(WORK REQUEST): Reproduce verbatim all of the data given below, but do not carry over the images.

(Dataset entries):
╔══

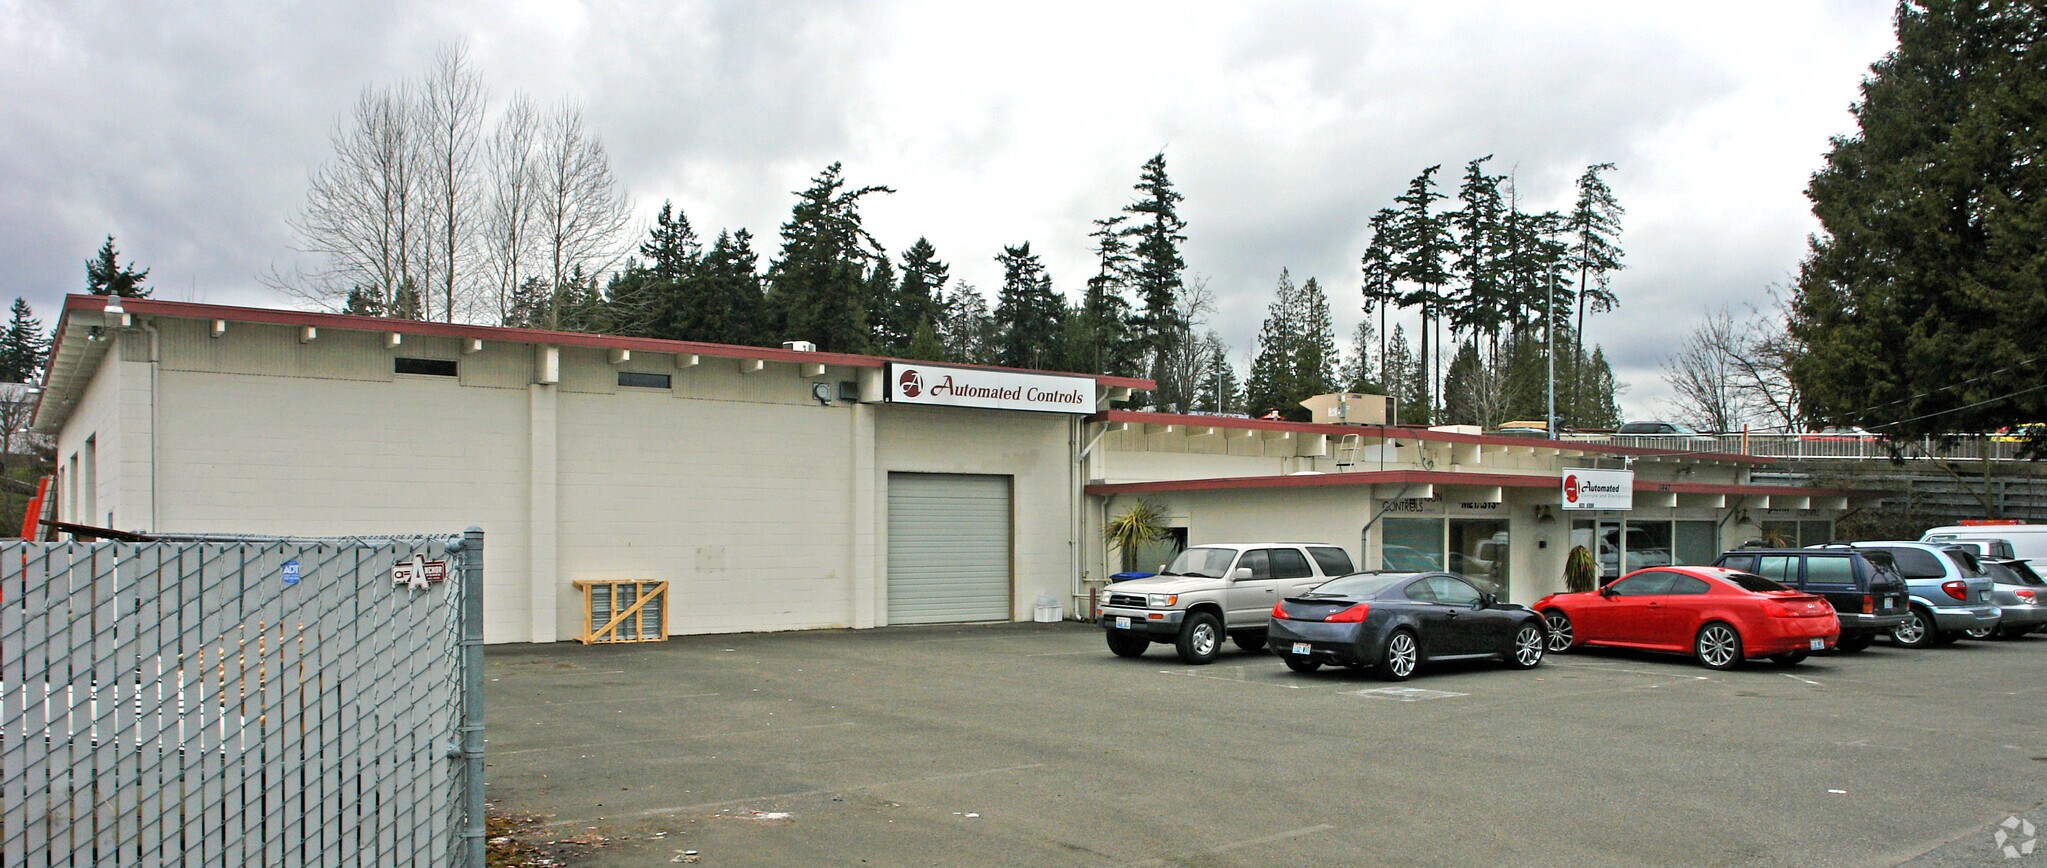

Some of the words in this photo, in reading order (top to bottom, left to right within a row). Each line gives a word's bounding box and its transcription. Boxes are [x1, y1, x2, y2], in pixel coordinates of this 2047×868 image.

[930, 375, 1021, 400] Automated
[1027, 387, 1084, 404] Controls
[1581, 480, 1620, 493] Automated
[1382, 501, 1424, 512] CONTROLS
[283, 565, 300, 574] ADT

╚══

(TASK OUTPUT):
Some of the words in this photo, in reading order (top to bottom, left to right within a row). Each line gives a word's bounding box and its transcription. Boxes are [x1, y1, x2, y2], in pixel coordinates of this 2047×868 image.

[930, 375, 1021, 400] Automated
[1027, 387, 1084, 404] Controls
[1581, 480, 1620, 493] Automated
[1382, 501, 1424, 512] CONTROLS
[283, 565, 300, 574] ADT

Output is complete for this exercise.